From: Estrogen-induced compensatory mechanisms protect IL-10-deficient mice from developing EAE

Fig. 8

Differential E2-mediated mechanisms of EAE protection in IL-10 KO vs WT mice. Treatment with E2 in WT mice results in the induction of IL-10-producing regulatory B cells (Bregs) that modulate T cells and macrophages through the secretion of IL-10 and the activation of PD-1 on T cells. This results in a decrease in pro-inflammatory Th1 and Th17 T cells and an increase in anti-inflammatory macrophages and microglia. Treatment with E2 increases PD-L1 and PD-L2 expression on macrophages. In the CNS, E2 decreases the frequency of CD11b+CD45hi cells and increases the frequency of CD11b+CD45lo microglial cells during EAE compared to sham-treated mice (a).

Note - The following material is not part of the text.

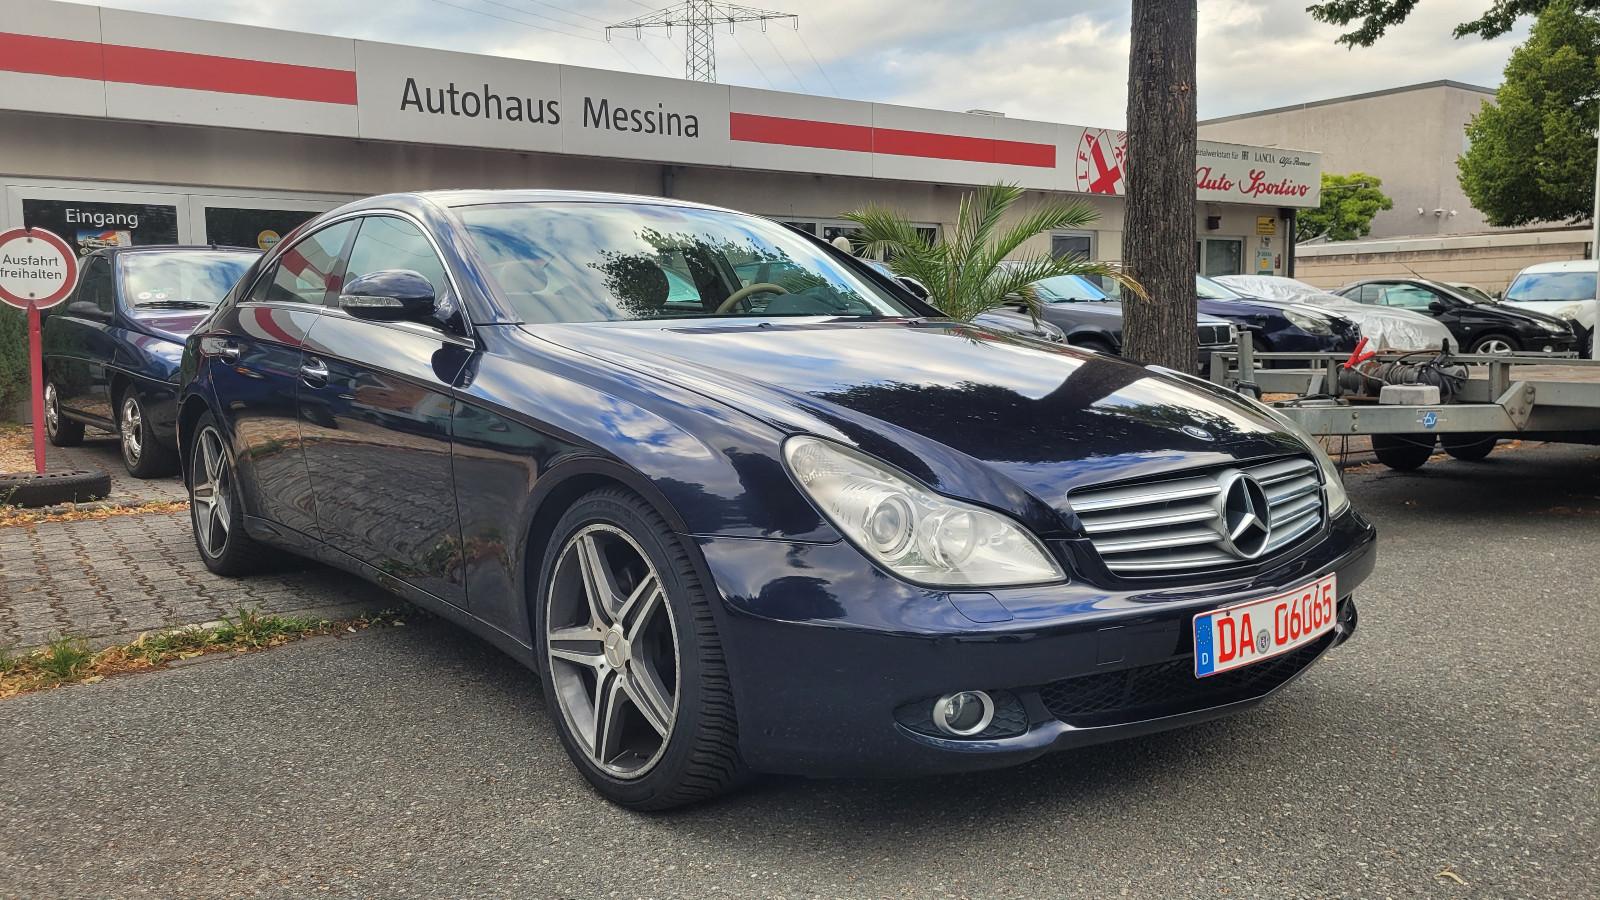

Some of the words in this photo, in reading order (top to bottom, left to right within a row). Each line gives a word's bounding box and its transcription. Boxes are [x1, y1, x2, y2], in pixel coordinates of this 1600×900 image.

Treatment with E2 in IL-10 KO mice results in an increase in the number of PD-L1 and PD-L2 positive macrophages compared to WT E2-treated mice. This results in the induction of activated CD4+CD25+ splenic T cells, an increase in Breg B10 and plasmablast Breg subsets expressing CD73, a marker for an IL-10 independent Breg immunoregulatory mechanism, an increase in CNS microglial cells, and a decrease in the frequency of Th1 and Th17 pro-inflammatory cells. This results in decreased levels of CD11b+CD45hi activated macrophages similar to WT E2-treated mice and a downregulation of pro-inflammatory mediators (b)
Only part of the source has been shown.